Day breaks and we are attacking again and our Division is taking a pounding, yet we are still advancing. This day and night is a repetition of the first day in activity. We have now advanced eight bloody miles into the guts of the enemy.
Hitler now issues his orders to his Army.” No retreat, throw the British back into the sea.” We are now fighting four German Divisions at the tip of the wedge and on both sides. We halt repeated counter attacks, it is the 29th of June, and we have been fighting no-stop for three days.
This battle is now know as the battle of the ‘Scottish Corridor ‘and streets in that area are named after us. At 6.00pm I think my number is coming up, we are in a gulley in a hedgerow, we are being counter attacked again, we are disorganized, and men are running back in retreat. A brave unknown officer is behind us, revolver in hand shouting” No one retreats”: the words are ominous, if anyone attempts to do so they will finish up with a bullet in the head.

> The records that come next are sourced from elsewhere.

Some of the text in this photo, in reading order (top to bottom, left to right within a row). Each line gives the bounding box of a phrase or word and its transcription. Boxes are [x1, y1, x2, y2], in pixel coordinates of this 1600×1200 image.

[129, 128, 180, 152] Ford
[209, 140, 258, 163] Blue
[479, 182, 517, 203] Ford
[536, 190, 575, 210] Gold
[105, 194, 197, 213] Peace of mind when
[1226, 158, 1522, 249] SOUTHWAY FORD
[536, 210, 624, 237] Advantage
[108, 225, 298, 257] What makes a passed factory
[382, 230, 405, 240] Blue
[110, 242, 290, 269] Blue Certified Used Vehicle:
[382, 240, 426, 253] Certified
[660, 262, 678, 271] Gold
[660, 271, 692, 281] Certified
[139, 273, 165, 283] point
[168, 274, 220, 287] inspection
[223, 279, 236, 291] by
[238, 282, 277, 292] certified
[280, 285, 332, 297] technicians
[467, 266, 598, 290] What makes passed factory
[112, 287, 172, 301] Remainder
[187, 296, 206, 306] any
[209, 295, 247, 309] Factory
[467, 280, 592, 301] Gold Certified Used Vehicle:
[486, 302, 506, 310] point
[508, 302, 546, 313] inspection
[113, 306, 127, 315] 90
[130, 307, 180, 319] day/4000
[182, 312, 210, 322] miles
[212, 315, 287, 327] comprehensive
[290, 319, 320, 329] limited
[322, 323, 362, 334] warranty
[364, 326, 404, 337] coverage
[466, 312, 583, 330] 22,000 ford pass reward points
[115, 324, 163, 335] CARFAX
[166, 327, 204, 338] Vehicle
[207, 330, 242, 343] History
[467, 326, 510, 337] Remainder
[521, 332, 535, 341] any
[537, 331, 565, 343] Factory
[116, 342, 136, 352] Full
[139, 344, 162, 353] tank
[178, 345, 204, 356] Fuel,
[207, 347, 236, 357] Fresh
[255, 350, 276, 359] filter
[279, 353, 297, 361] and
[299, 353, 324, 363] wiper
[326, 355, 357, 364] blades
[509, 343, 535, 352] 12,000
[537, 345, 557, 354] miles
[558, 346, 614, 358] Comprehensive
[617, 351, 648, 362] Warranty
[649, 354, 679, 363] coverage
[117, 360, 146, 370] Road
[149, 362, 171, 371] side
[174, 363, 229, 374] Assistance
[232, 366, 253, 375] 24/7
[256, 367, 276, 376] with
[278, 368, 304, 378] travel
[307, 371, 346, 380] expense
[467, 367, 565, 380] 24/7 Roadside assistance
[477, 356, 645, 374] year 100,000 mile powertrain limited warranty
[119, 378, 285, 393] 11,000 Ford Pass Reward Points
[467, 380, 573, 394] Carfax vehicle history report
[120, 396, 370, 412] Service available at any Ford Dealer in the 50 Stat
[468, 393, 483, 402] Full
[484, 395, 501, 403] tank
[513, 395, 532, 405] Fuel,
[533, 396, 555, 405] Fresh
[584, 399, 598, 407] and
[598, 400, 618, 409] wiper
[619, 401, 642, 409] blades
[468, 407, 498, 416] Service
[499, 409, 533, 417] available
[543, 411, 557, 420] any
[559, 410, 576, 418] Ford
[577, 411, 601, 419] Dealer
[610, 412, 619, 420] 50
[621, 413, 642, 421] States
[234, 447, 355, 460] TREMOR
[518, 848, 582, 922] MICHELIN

The situation is grim, 25 pounder guns are brought up alongside us, firing point blank into the enemy in the field in front of us. With this help the day is saved and we are finally relieved by a fresh Division, to rest and are reinforced.
We have had our baptism of fire. The Division continues the battle and finally it is relieved, it has lost 800 killed and 2300 wounded in the battle of the ‘Scottish Corridor’. The 12th SS Division took a terrible mauling; they had to be the toughest Division in the German Army.
Today the 15th Scottish Division’s dead lie buried in cemeteries all over Northern Europe. I was lucky to survive, to fight on for another nine months, to go into my last battle, the assault across the River Rhine, finally my number came up. I was in the first wave of the assault to cross the river. Once ashore I stepped on a small mine and have part of my left foot removed, my army days are ended.
Five weeks later the war is over, cost for my battalion over 1000 casualties, cost to the Division over 11,000.
Contemporary Pathe Newsreel footage of the early days in Normandy that was now being shown in British cinemas:
In Normandy the progress of the Allies was beginning to slow up. The German defences were being organised in greater depth and Montgomery knew that he needed substantial reserves before he could begin his breakout battles. The ‘Great Gale’ was to put back the build up of munitions and supplies by about a week and the next Allied attacks had to be postponed.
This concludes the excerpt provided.